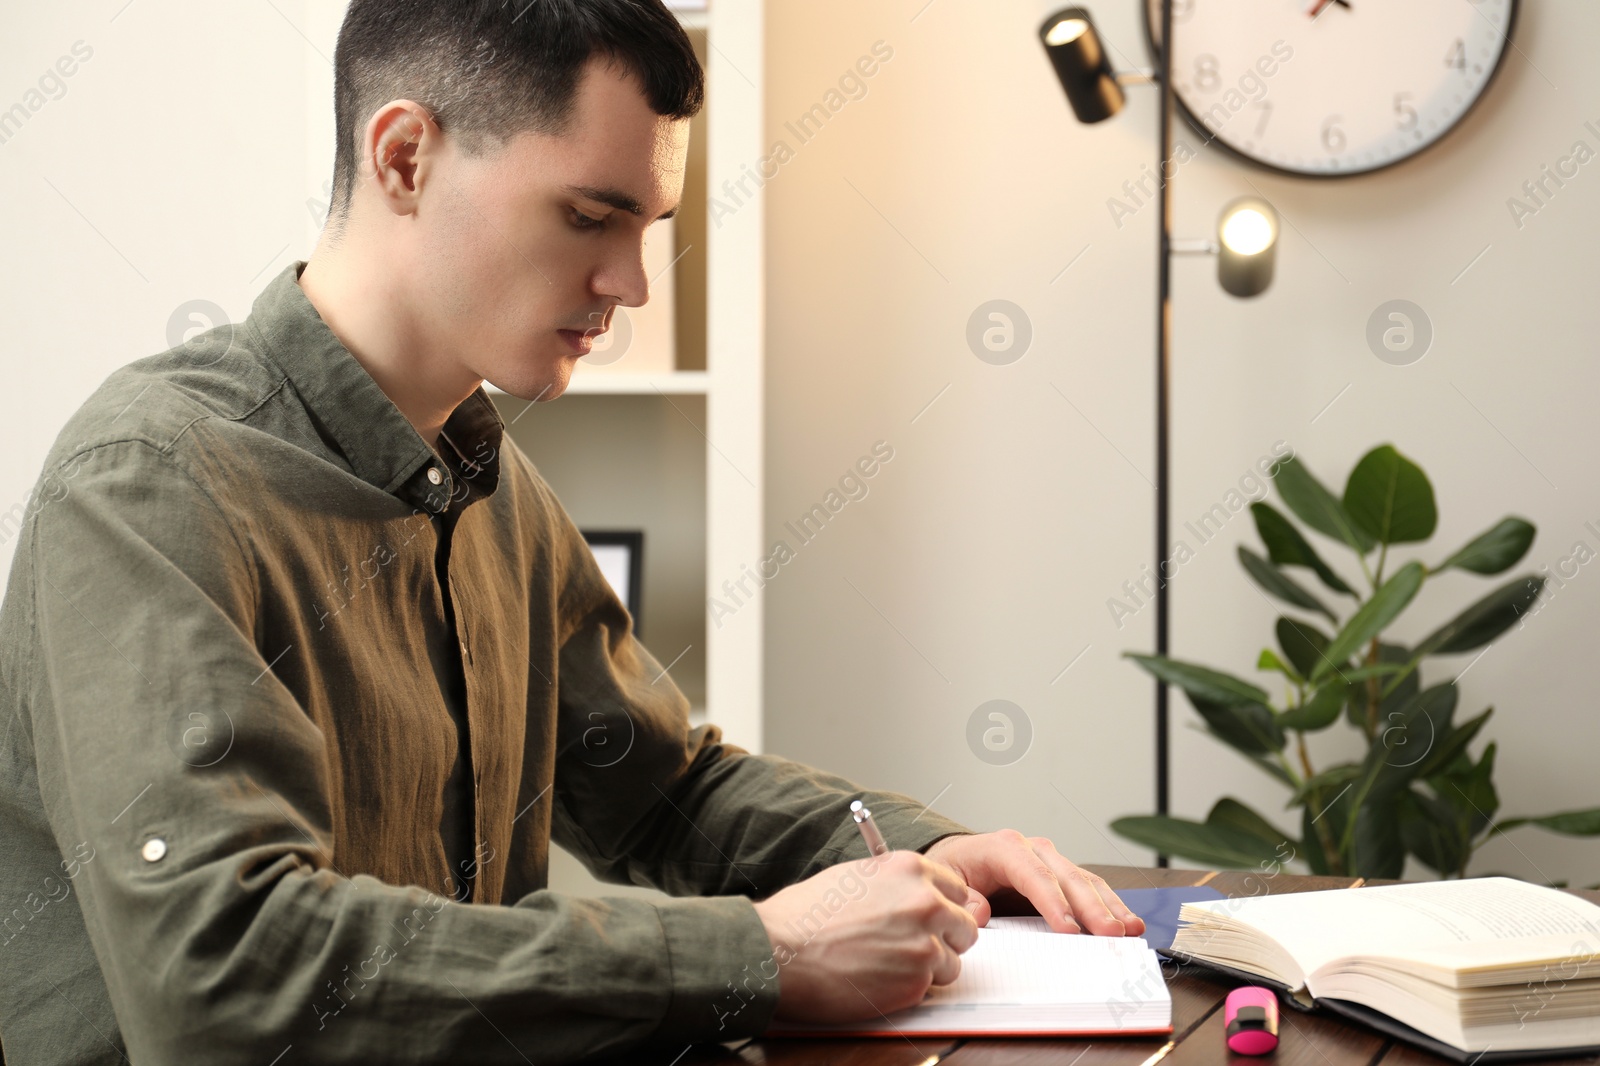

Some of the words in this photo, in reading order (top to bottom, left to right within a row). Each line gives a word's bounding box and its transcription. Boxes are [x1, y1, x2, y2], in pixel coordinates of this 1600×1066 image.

[1193, 53, 1222, 94] 8
[1443, 37, 1467, 73] 4
[1252, 101, 1274, 140] 7
[1393, 91, 1419, 132] 5
[1320, 114, 1347, 155] 6

_EXERCISE_
Retype everything in the material word for word, minus pictures.

_RESPONSE TO THIS EXERCISE_
Some of the words in this photo, in reading order (top to bottom, left to right within a row). Each line gives a word's bounding box and its transcription. Boxes are [x1, y1, x2, y2], in pixel coordinates of this 1600×1066 image.

[1193, 53, 1222, 94] 8
[1443, 37, 1467, 73] 4
[1252, 101, 1274, 140] 7
[1393, 91, 1419, 132] 5
[1320, 114, 1347, 155] 6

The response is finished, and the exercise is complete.